Ruben non è uomo superficiale: è lucido, riflessivo, persino auto-riflessivo, quando, tra sé e sé, e su di sé, si cuce addosso una faccia color disincanto e linee agrodolci. Davvero infotografabile. Se non gli mancasse la parola, sarebbe proprio la faccia di un uomo. Ma la parola a Ruben non manca! No… E a le volte la rivolge a se stesso: «Non è facile avere una storia personale, quando si galleggia sul proprio tempo come un tappo di sughero sull’acqua, in balia degli incontri. Tanto meno un destino, specie se si è un po’ miopi e non si ha una buona memoria per le date, o per le frasi scambiate casualmente. Ci vuole orecchio fine e occhio di lince, per obbedire al suggeritore che bisbiglia dalla buca. Ottuso… non l’hai proprio vista arrivare!». Come la mettiamo? Ritratto di uno scialbo perdente o ritratto di un eroe della tenerezza ammaliante? Fate voi, tanto qui la cosa deve solo fare da sfondo cinematografico. E intanto, per rincarare la dose, strappiamogli un ultimo pensiero che, veloce, gli passa per la testa: «Non sono fatto per le parti da protagonista… la mia parte consiste nel raccogliere i frantumi delle storie che capitano agli altri». Caspita! Tutto qui? No, non ci si lasci ingannare dalle presentazioni…

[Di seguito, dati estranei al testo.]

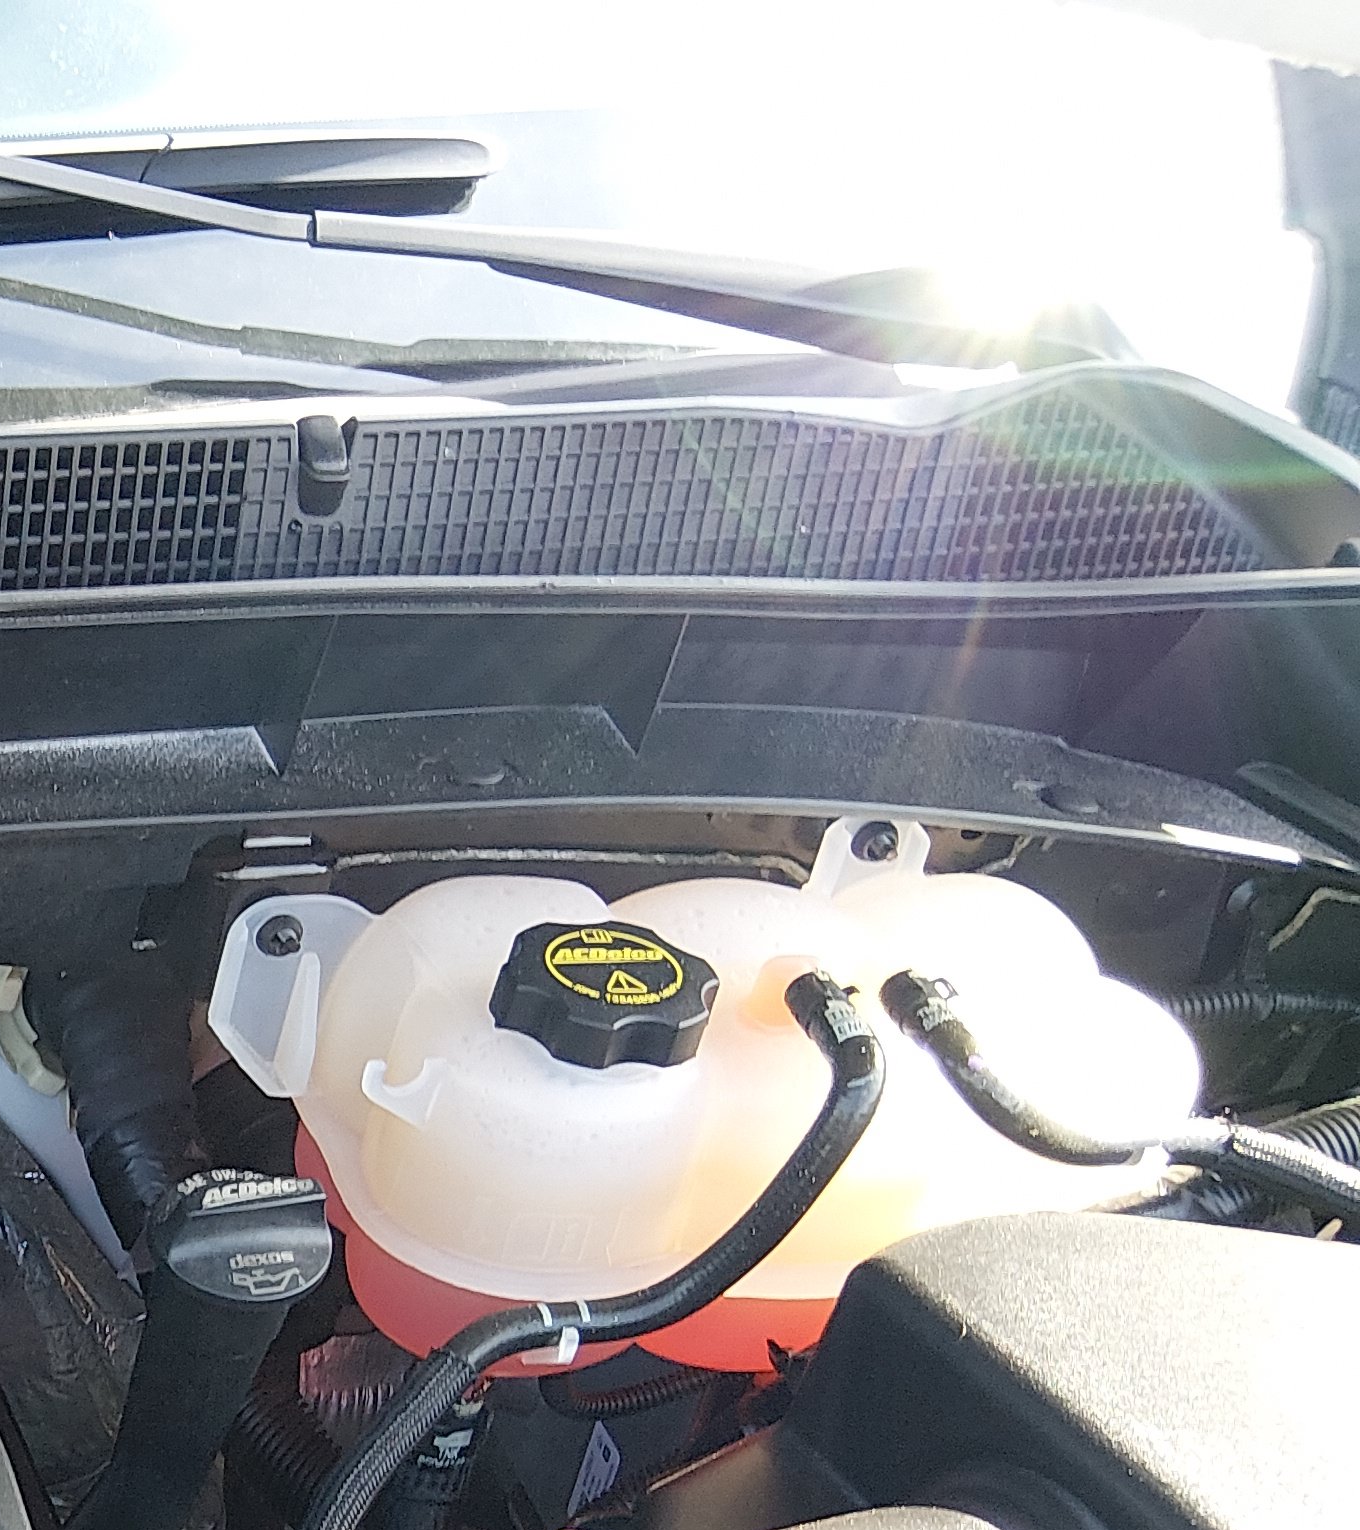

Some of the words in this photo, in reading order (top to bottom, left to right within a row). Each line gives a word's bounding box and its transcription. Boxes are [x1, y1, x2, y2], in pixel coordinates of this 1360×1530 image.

[552, 946, 663, 962] ACDelco
[202, 1177, 315, 1209] ACDelco
[229, 1250, 295, 1269] dexos
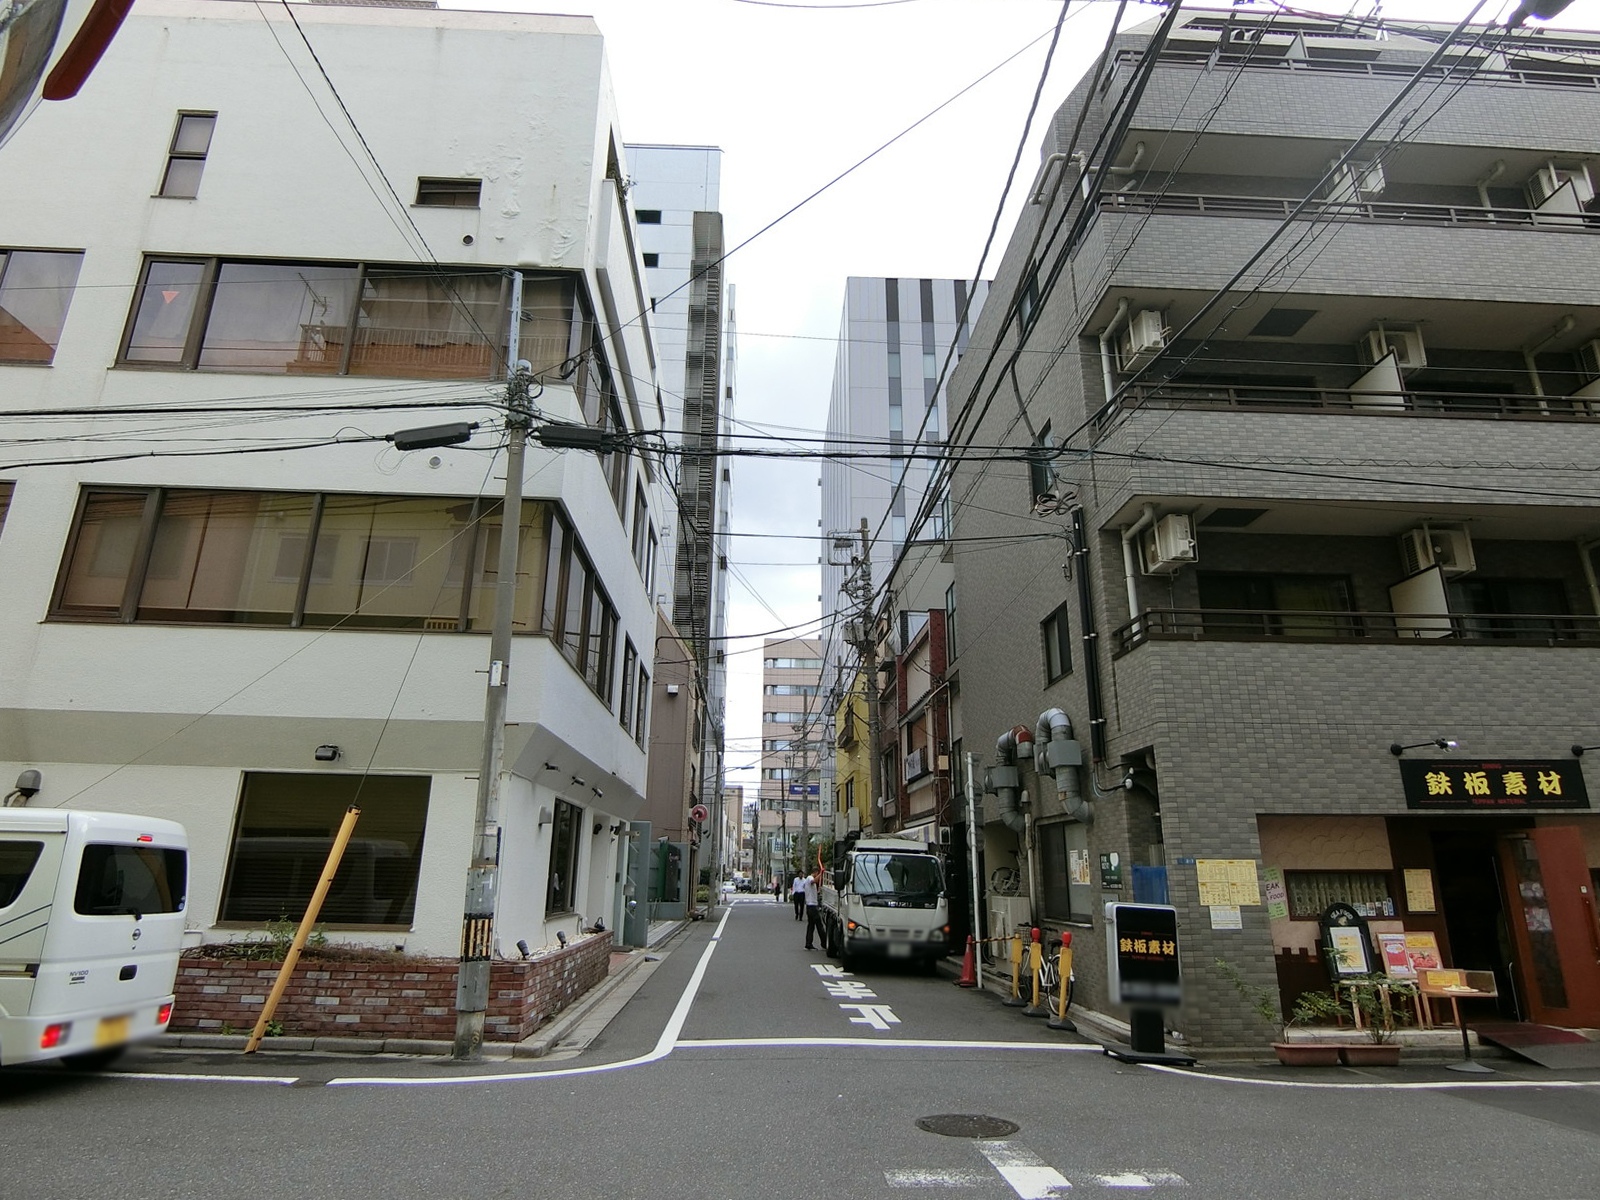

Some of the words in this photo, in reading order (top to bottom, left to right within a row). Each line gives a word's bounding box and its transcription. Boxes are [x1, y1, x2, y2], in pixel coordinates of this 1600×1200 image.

[1424, 770, 1562, 796] 鉄板素材
[1119, 937, 1176, 956] 鉄板素材
[809, 964, 902, 1030] 止まれ
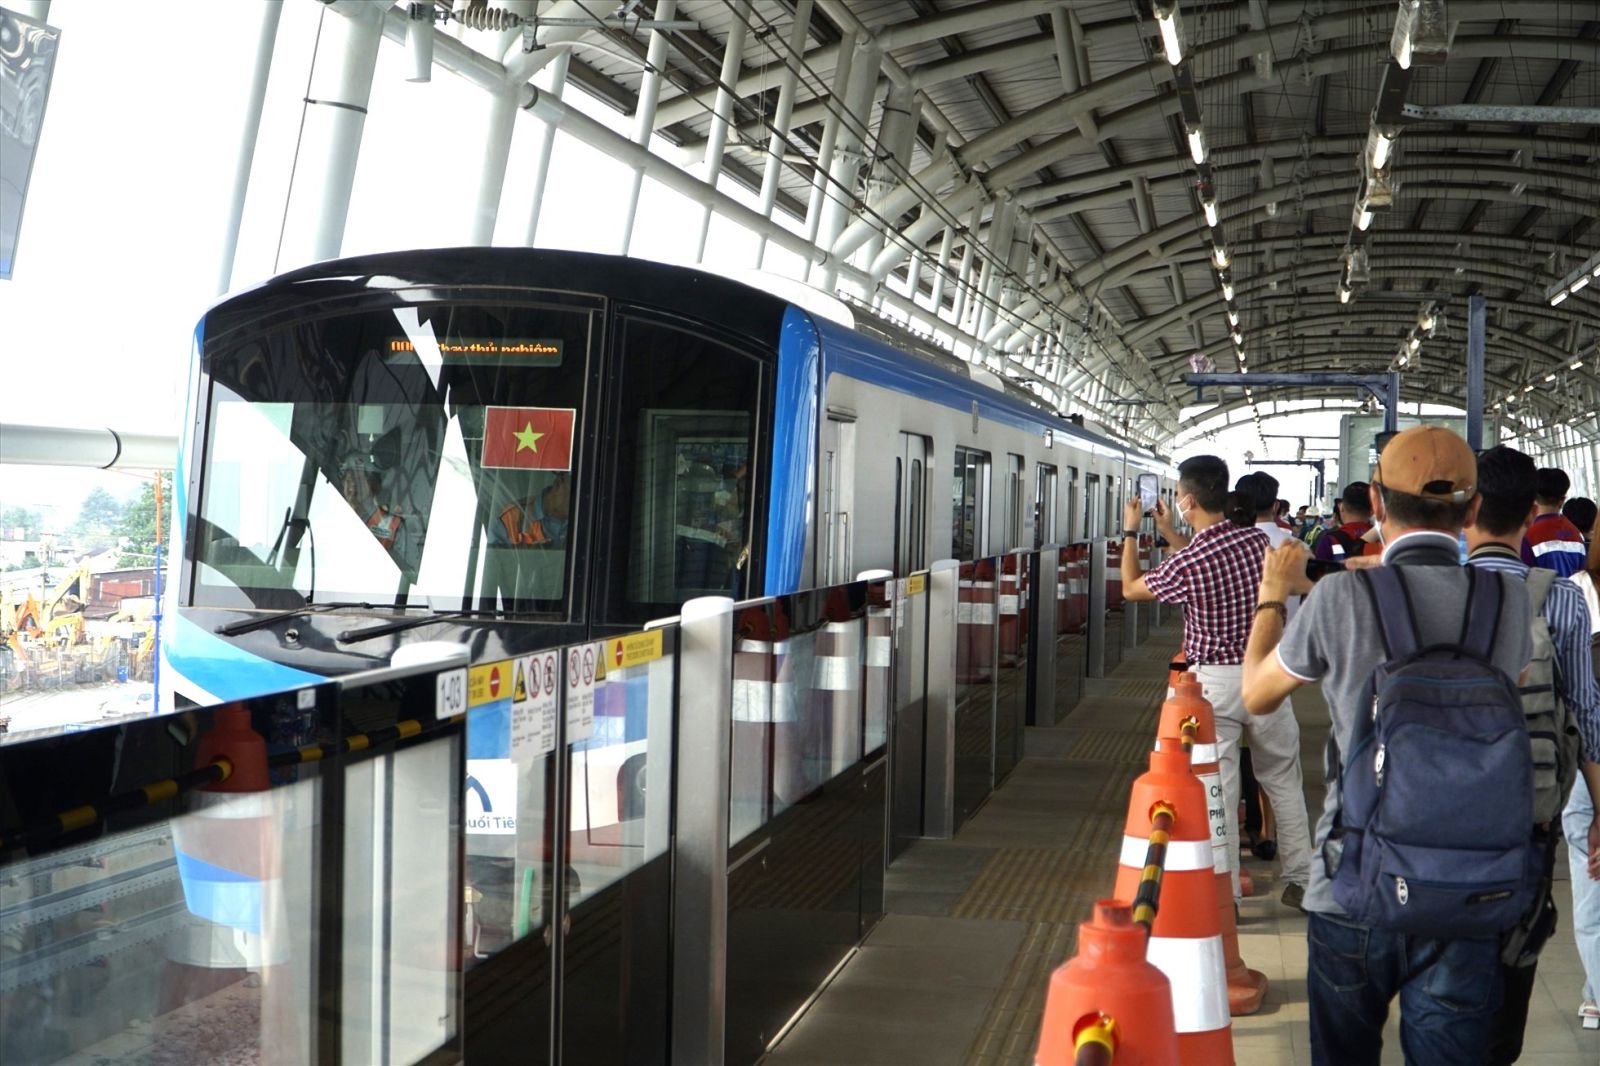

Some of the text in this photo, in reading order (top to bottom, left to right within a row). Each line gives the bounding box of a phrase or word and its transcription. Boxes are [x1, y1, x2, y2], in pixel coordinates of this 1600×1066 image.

[441, 675, 461, 712] 1-03
[1210, 784, 1223, 798] CH
[465, 815, 517, 829] uối Tiê
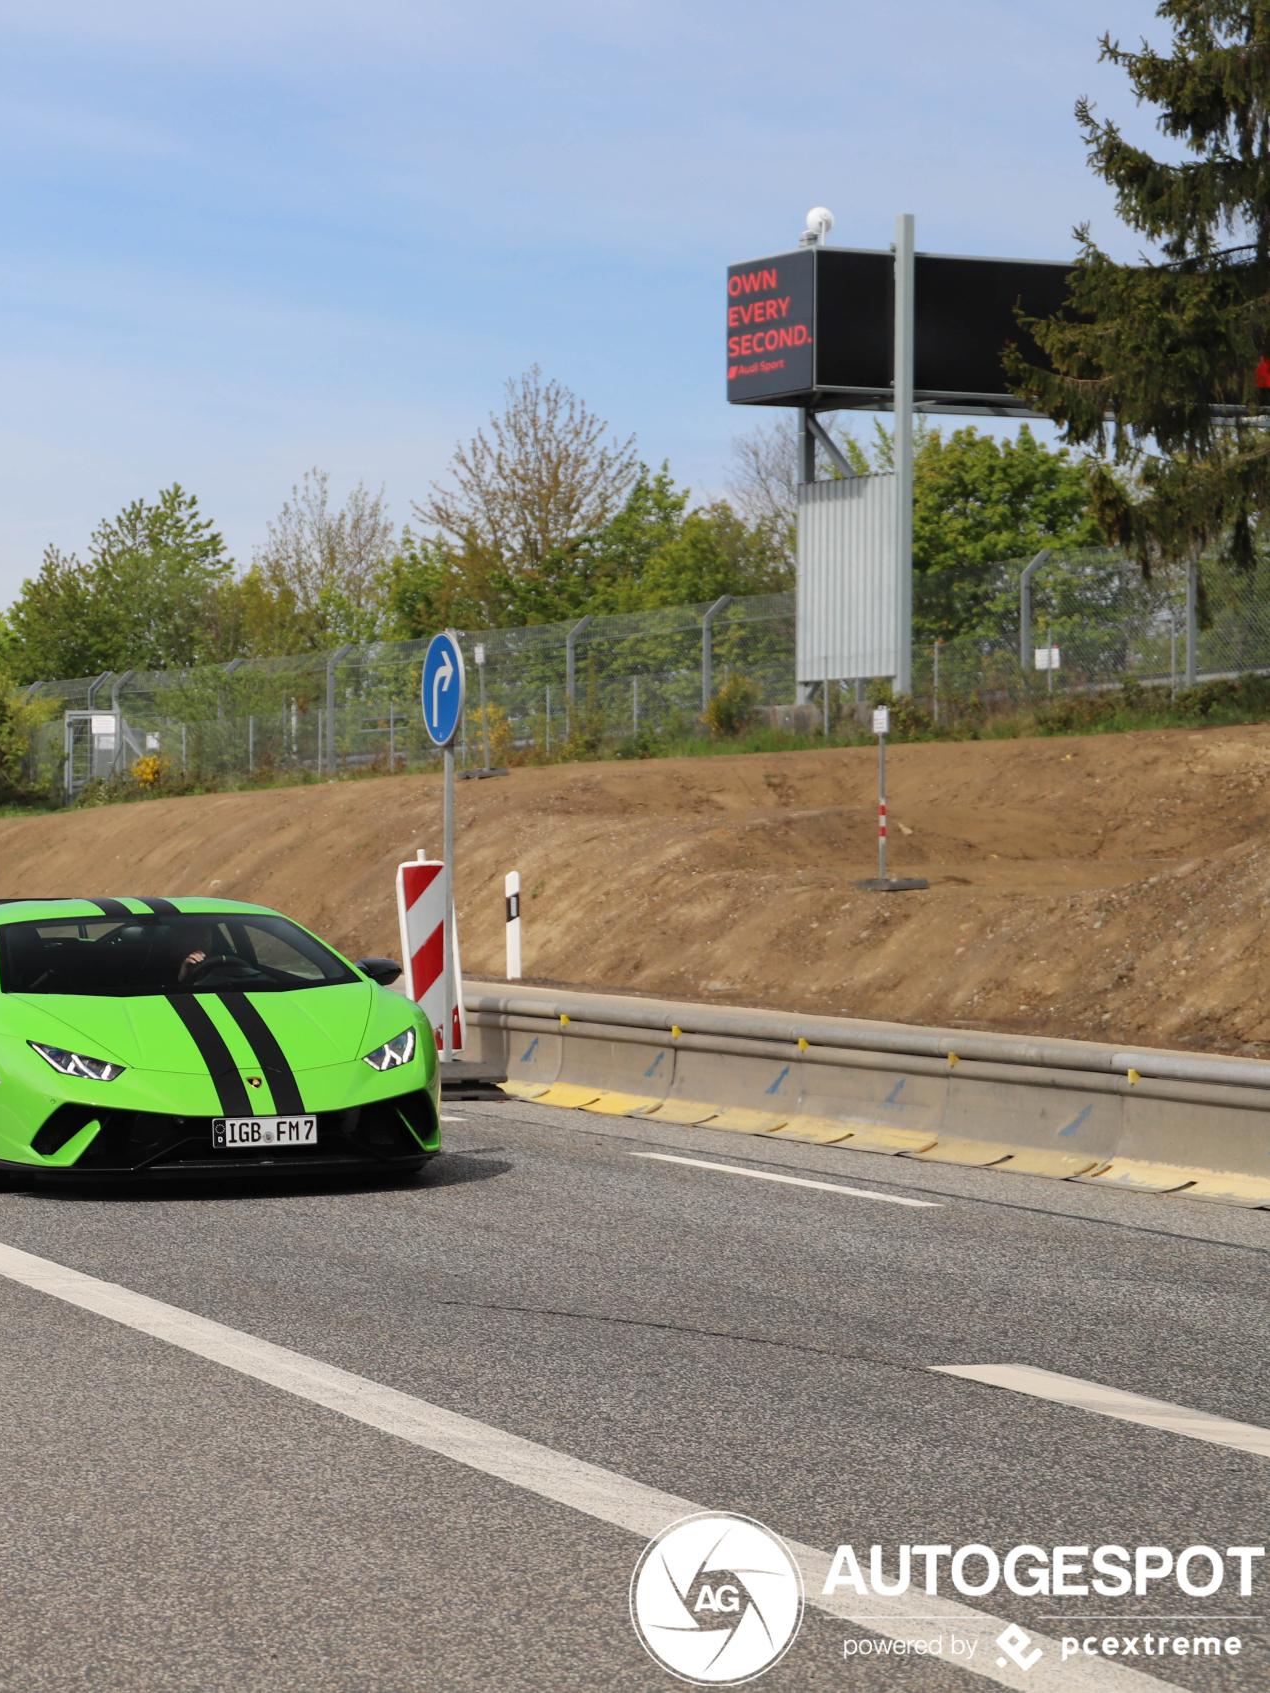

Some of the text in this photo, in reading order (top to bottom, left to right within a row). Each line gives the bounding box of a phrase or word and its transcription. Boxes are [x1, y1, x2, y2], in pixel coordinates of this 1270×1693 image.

Imilla, due occhi ritrattili occupati dall’Informazione. Sulla concentrazione distraente di una cacciatrice di stelle per un mondo guasto
«Cretino! Ti sto parlando di Imilla… quella che si occupa dell’informazione». Il cretino è Ruben, a scuoterlo è l’amico che lavora nell’organizzazione rivoluzionaria. Ruben, torna in sé, a suo modo: «Un’indiana quechua, immagino, con la bombetta in testa e sette gonne di cotone l’una sull’altra». Ma l’amico rivoluzionario non ha tempo da perdere né voglia di scherzare: «Ma va’ là, è la brunetta che abbiamo incontrato l’altro giorno, vicino alla piscina, la gringa».
Il lavoro d’apparato e la divisione organizzativa dei compiti non mancano nemmeno nei movimenti rivoluzionari o guerriglieri. La sezione ‘Informazione’ opera generalmente su due fronti: da una parte, il c’è il lavoro dell’’informazione aperta’, che si occupa di quanto viene detto e scritto dai mezzi di comunicazione che operano in pubblico, raccoglie il materiale, lo cataloga e lo analizza, lo fa circolare tra i membri del movimento e lo smista a seconda dell’oggetto ai vari gruppi di lavoro o ai vertici politici; dall’altra parte, c’è l’‘Intelligenza’, che opera sulle informazioni segrete, ha a che fare con spie e spionaggio, con antenne da istallare presso il nemico, è alle prese con tutto ciò che può rivelarsi utile per scoprire i piani del nemico e le sue mosse future. Imilla lavora con l’intelligence: compiti delicati, trame fitte e complicate che richiedono forbici sottili, cuciture creative e lucida astuzia. La sua è una posizione di responsabilità, che la lega alla Commissione centrale, da cui ora dipende direttamente. «Ruben, perché non le dai una mano?», gli propone l’amico.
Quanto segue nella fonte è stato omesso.